Data in this exercise =>
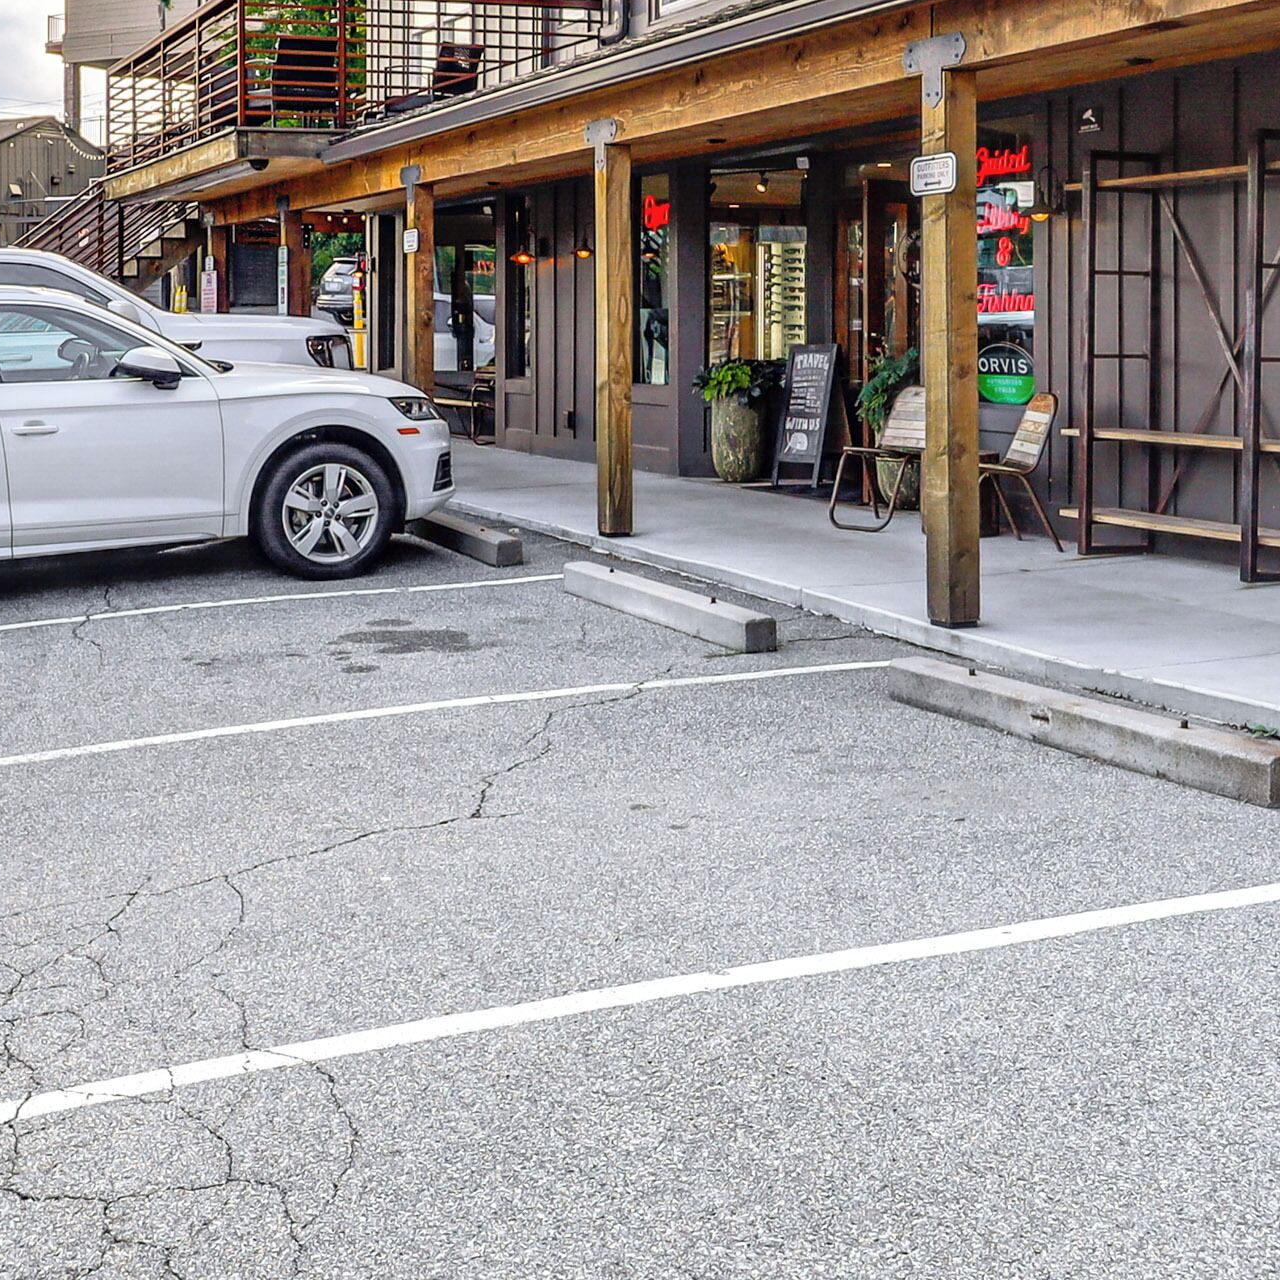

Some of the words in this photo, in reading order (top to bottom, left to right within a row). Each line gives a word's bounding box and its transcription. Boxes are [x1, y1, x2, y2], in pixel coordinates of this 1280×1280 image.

[916, 160, 950, 173] OUTFITTERS
[916, 171, 936, 180] PARKING
[795, 353, 830, 371] TRAVEL
[978, 357, 1028, 374] ORVIS
[785, 416, 809, 431] WITH

Exercise brief => Could you output the full set of entries exactly, skipping every picture?

Reply =>
Some of the words in this photo, in reading order (top to bottom, left to right within a row). Each line gives a word's bounding box and its transcription. Boxes are [x1, y1, x2, y2], in pixel coordinates of this 1280×1280 image.

[916, 160, 950, 173] OUTFITTERS
[916, 171, 936, 180] PARKING
[795, 353, 830, 371] TRAVEL
[978, 357, 1028, 374] ORVIS
[785, 416, 809, 431] WITH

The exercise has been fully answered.